The Philippines’ Catholic bishops conference has called on the faithful and especially political leaders to oppose same-sex unions in the wake of LGBT agitation sparked by the U.S. Supreme Court ruling legalizing same-sex “marriage” in the U.S.
Catholics are called to resist all attempts to normalize homosexual behavior and homosexual unions in their culture,” declared the August 28 letter, titled “A Pastoral Response to the Acceptance of Homosexual Lifestyle and the Legalization of Homosexual Unions.”
The letter called on Catholic politicians especially “to oppose the legal recognition of homosexual unions in a particularly vigorous way.”
The bishops were careful to urge Catholics “to be charitable to every single homosexual person they know,” but especially those in their own family, thereby emphasizing the superiority of Christian love over the transitoriness of sexual affection. “In particular, families with members who struggle with homosexuality are called to love them unconditionally, thereby outlasting all their other, same-sex, loves.”

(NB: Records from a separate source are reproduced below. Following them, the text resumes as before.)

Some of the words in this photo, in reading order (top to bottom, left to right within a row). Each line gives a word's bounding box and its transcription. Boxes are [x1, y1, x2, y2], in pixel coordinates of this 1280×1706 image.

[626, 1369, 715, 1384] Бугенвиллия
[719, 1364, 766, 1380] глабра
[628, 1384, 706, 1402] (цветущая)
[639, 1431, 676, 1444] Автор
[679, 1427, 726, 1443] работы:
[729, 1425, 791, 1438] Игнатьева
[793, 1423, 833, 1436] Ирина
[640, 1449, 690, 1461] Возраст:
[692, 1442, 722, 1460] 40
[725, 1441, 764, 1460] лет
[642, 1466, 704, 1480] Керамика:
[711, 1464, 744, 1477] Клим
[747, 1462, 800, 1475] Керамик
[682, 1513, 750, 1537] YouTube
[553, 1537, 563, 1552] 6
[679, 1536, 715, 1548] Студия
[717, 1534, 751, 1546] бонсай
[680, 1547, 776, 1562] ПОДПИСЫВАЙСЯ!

But as for same-sex “marriage” and homosexual relations, the bishops were clear: while “sexual attraction toward the same sex is not a sin,” they stated, “it is, in the light of our understanding of marriage, objectively disordered — in the sense that it is not ordered toward the union of male and female in a relationship of natural complementarity.”

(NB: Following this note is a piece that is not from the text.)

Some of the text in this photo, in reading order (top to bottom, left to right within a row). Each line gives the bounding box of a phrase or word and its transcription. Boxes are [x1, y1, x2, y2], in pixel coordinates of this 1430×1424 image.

The bishops urged homosexuals “to develop chaste friendships with both men and women. … Those who struggle with homosexuality are called to witness to the life-giving nature of virtue-based friendships not ordered to sexual acts.”
Politicians remain opposed. When a news agency surveyed 23 candidates for the Senate in 2013, all but one opposed legislation to legalize same-sex “marriage.”
A local newspaper covering the statement this week editorialized that “in the predominantly Catholic Philippines, however, same-sex marriage is unlikely to be legalized in the near future.”

It then quoted Herminio Coloma Jr., spokesman for President Benigno Aquino, saying the country's Family Code only recognizes marriage between a man and a woman. “Our laws are clear.”